Do you make lists?  I do, and as a manager I used to insist that there be protocols – checklists – for most of the departmental activities.  I always found them to be an excellent was to assure a repeatable, high-quality product.  They also make it relatively easy to work new hires into a routine with minimal disruption.  Checklists have a big problem, however, and that’s our topic today.

The problem is tunnel vision.  Think of a pilot landing a plane.  Every pilot, no matter how many hundreds of hours of flying they have, uses checklists as they go through landing.  It prevents little problems like forgetting to put the landing gear down.  The thing that they do as well, which is not on the checklist, is to look out the window as they near the ground.

Now think of the marketing team that is going through its protocol.  Part of it may be to work on the brand’s social media. In many cases, the brand continues to schedule a post every 3 hours on one platform, and every 2 hours on another.  They’ll drop posts into a tool like Buffer or Hootsuite, feeling good that they’ve checked something off the list.  The problem is that they don’t look out the window.  They’re not paying attention to what is actually happening on their social presence.  Comments go unanswered.  Spam comments aren’t deleted.  There is no engagement.  Social media?  It doesn’t sound so social to me.

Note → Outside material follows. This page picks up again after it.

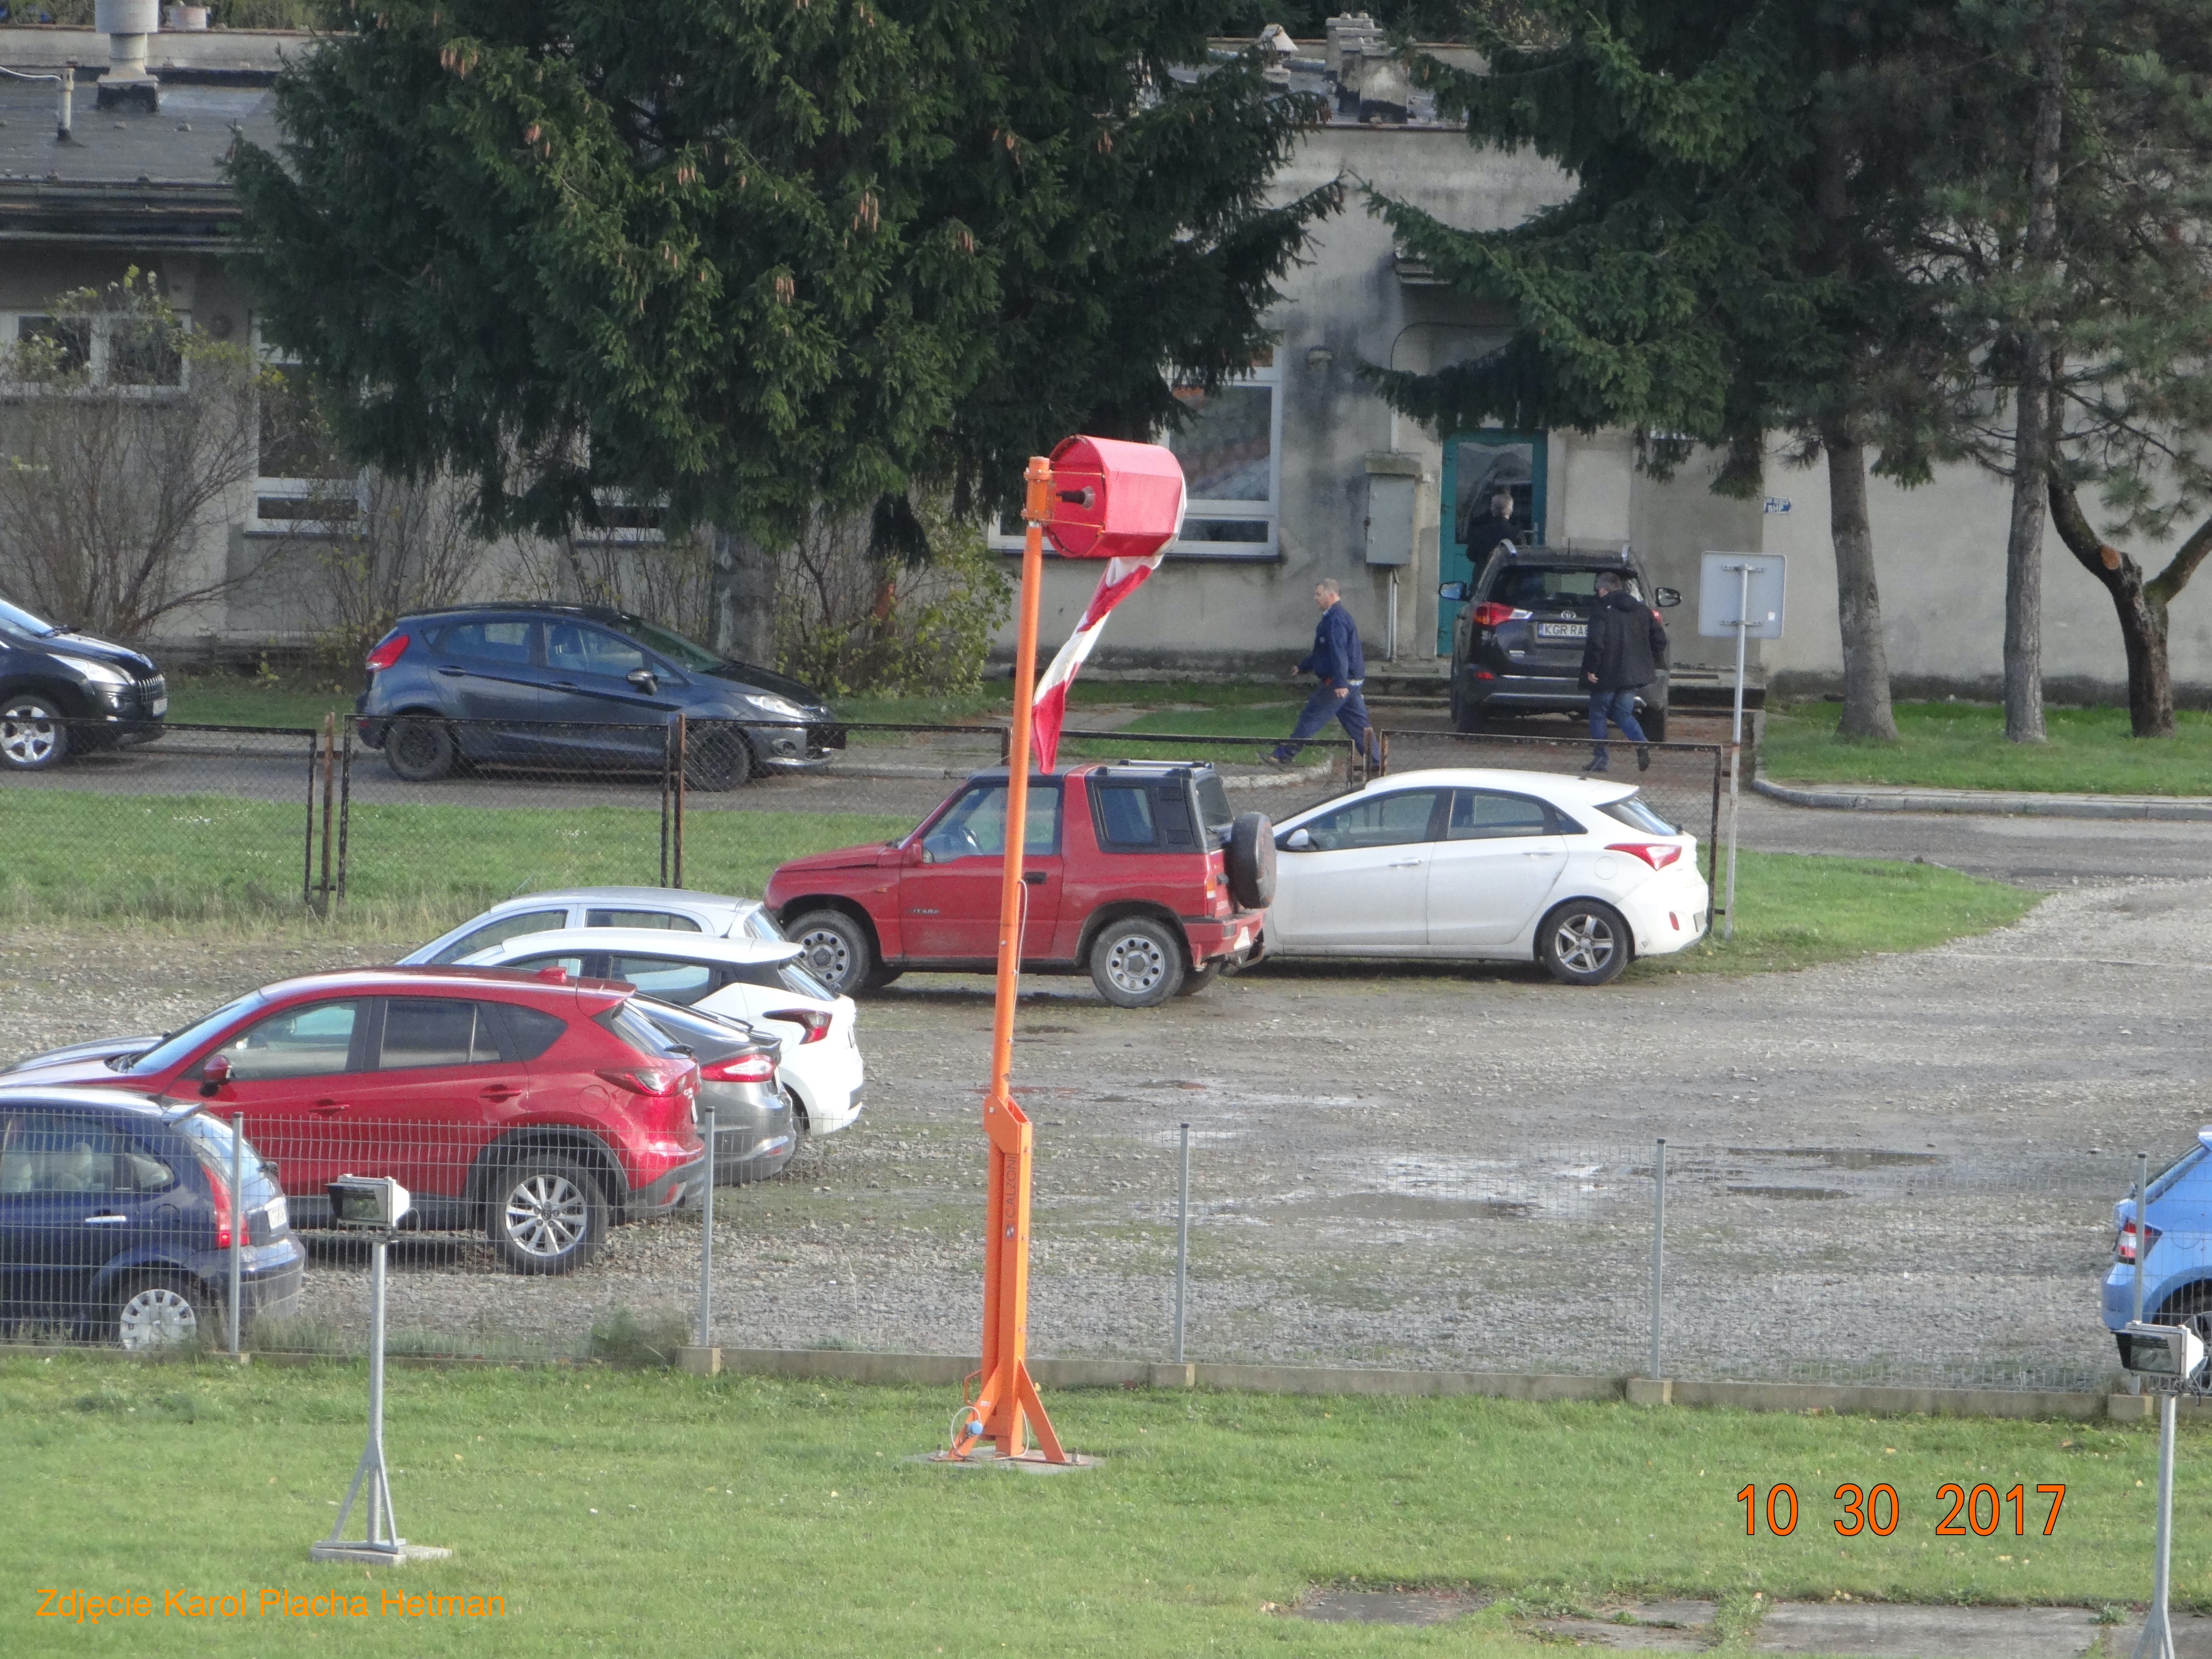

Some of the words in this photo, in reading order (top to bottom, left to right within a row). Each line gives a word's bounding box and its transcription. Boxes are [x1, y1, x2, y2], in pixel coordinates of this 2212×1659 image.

More importantly, I’m always surprised that the nature of many brands’ posts continues to be “Me! Me! Me!”.  That sort of antisocial, broadcast thinking has been dead for some time now and yet, zombie-like, it walks the social media earth.  What we need to be doing is measuring how often our social fans are engaging via likes, comments, and amplification (how often they share), and we need to ascertain the nature of those interactions (spam comments don’t count).

The checklist is a valuable thing.  A checklist that is enhanced by looking at the world beyond the things on the list is more valuable.  A staff trained to use the checklist as a guide of the minimum requirements, and that is encouraged (strongly) to enhance those minimums with their best work is invaluable.  Which do you have?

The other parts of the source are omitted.